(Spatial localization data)
[Start of section]
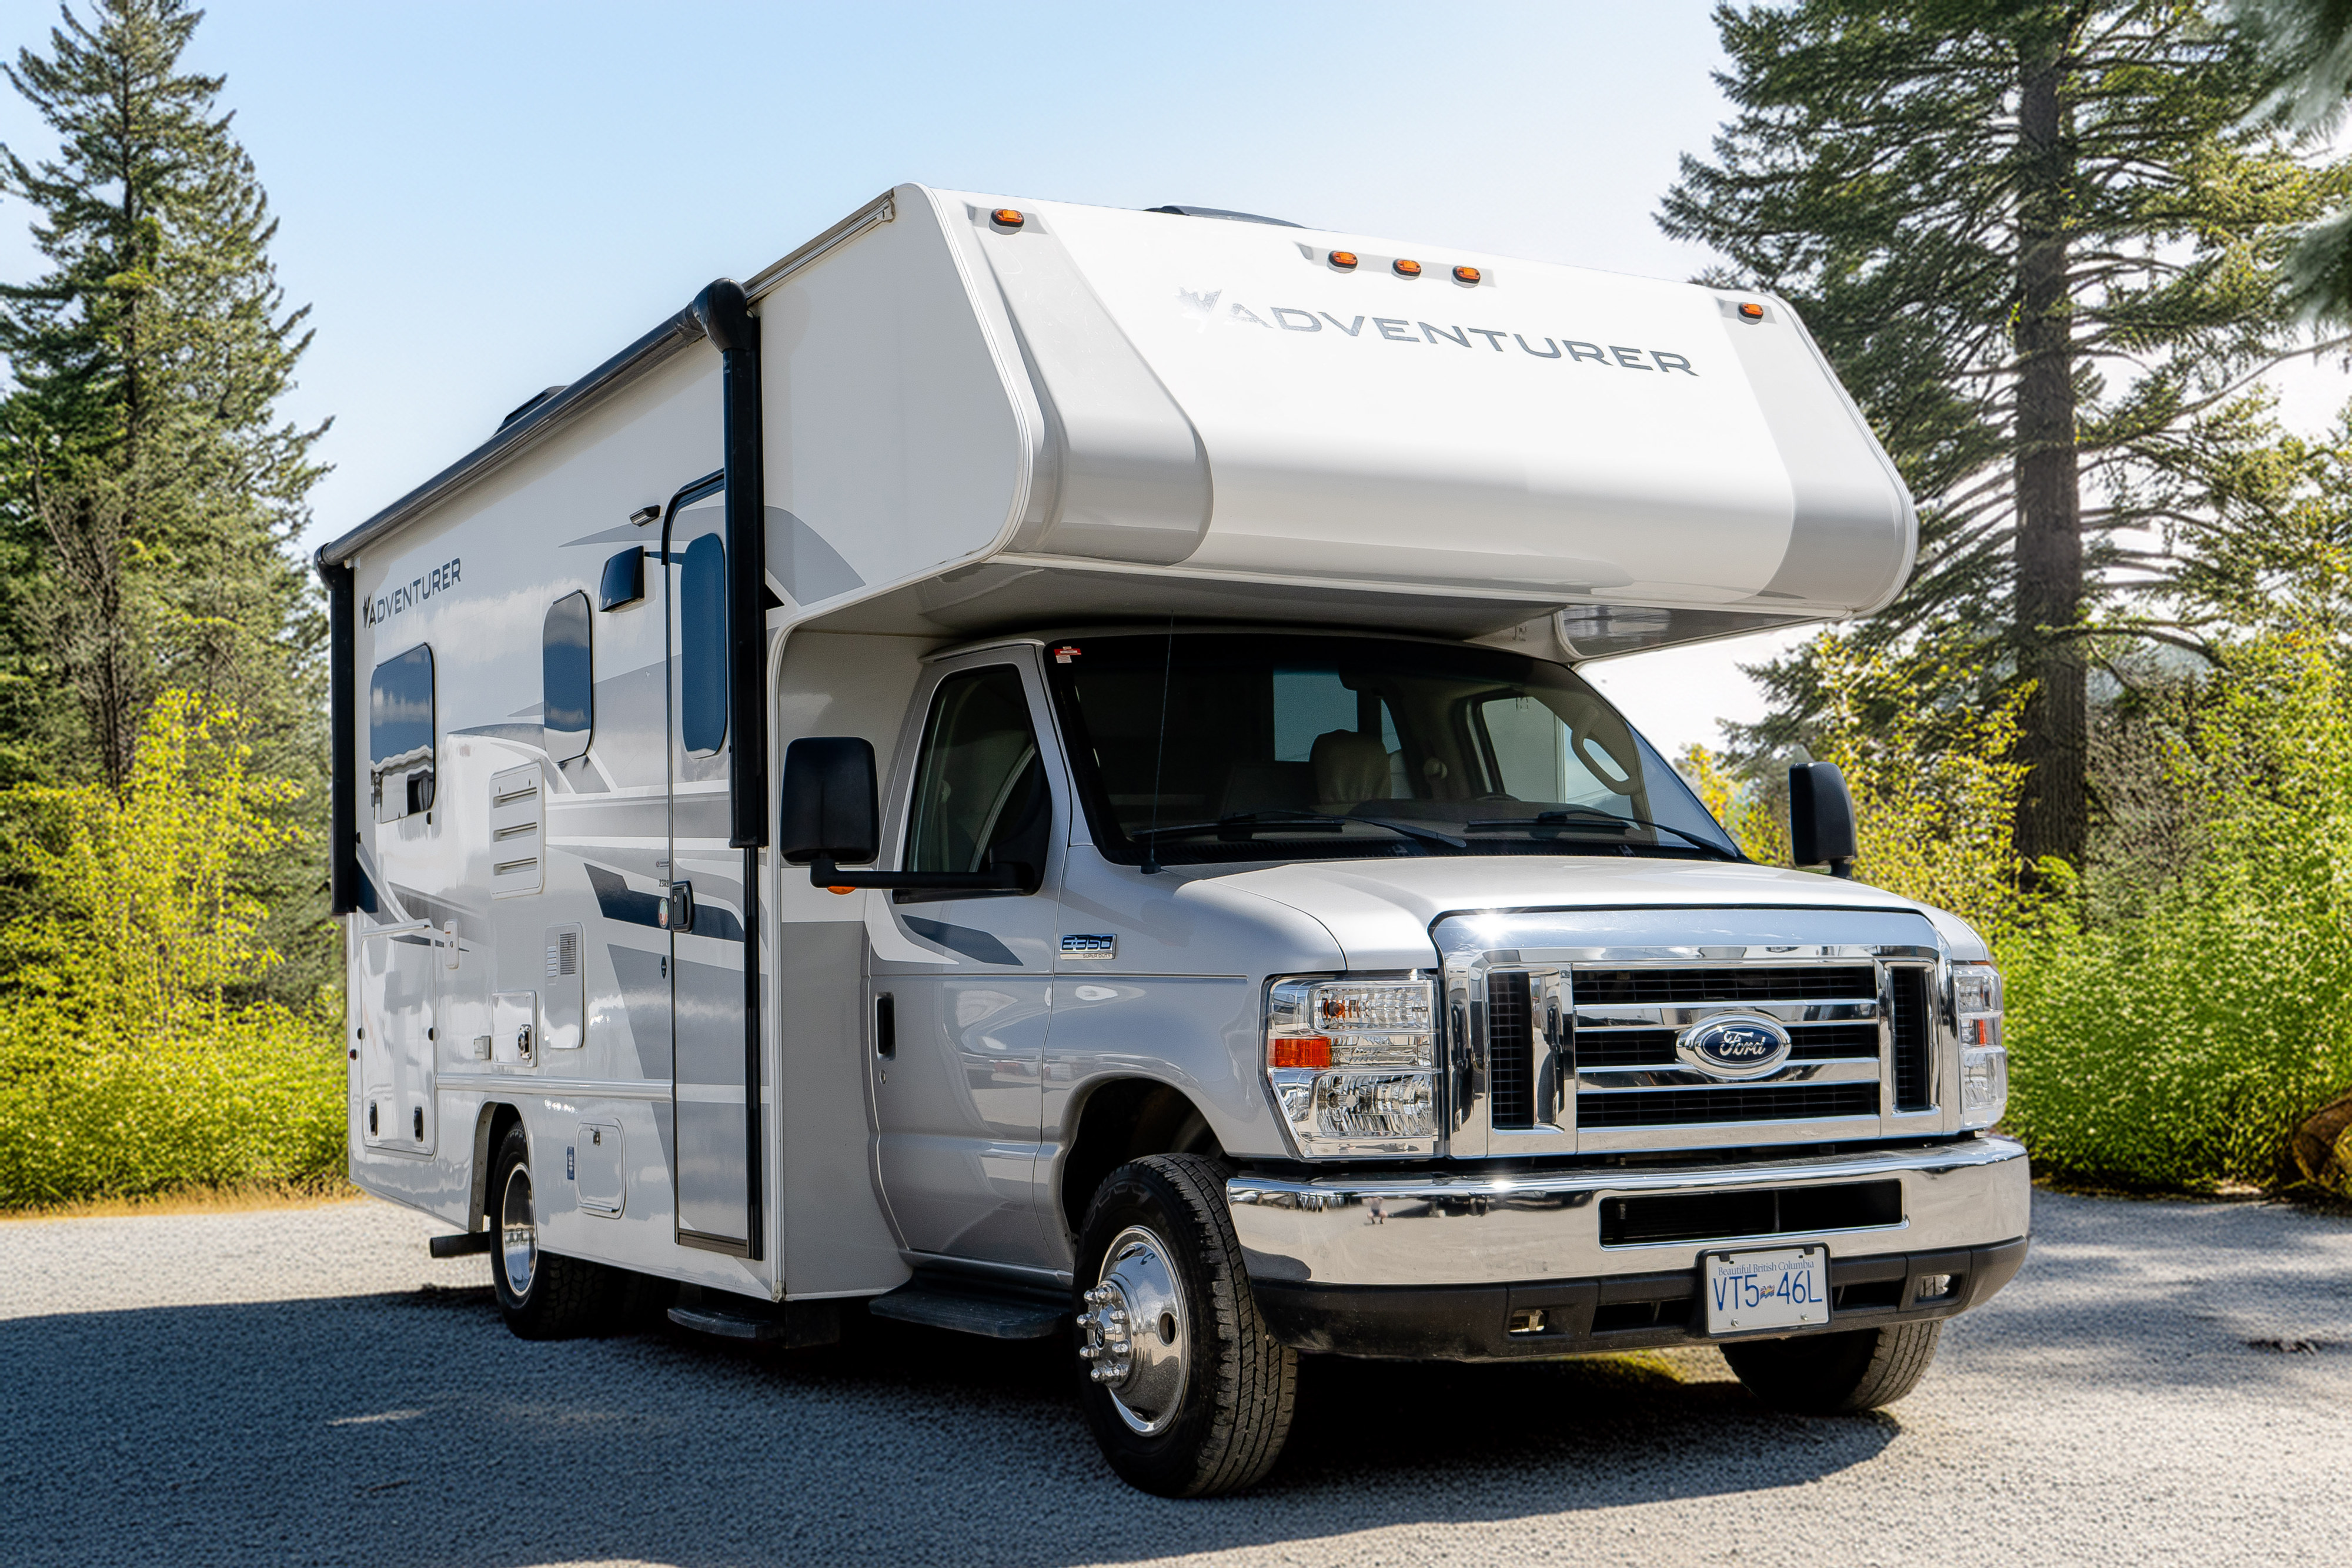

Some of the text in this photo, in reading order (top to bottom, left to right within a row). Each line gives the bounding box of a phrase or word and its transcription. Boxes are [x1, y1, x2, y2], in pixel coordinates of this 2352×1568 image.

[1227, 303, 1700, 377] ADVENTURER
[368, 557, 461, 629] ADVENTURER
[1719, 1030, 1766, 1057] Ford
[1718, 1260, 1815, 1276] Beautiful British Columbia
[1713, 1270, 1823, 1311] VT5 46L
[End of section]
→ **BRIEF**
Could the lines above be copied out exactly, with no image carried over?

→ **RESPONSE TO THE EXERCISE**
Some of the text in this photo, in reading order (top to bottom, left to right within a row). Each line gives the bounding box of a phrase or word and its transcription. Boxes are [x1, y1, x2, y2], in pixel coordinates of this 2352×1568 image.

[1227, 303, 1700, 377] ADVENTURER
[368, 557, 461, 629] ADVENTURER
[1719, 1030, 1766, 1057] Ford
[1718, 1260, 1815, 1276] Beautiful British Columbia
[1713, 1270, 1823, 1311] VT5 46L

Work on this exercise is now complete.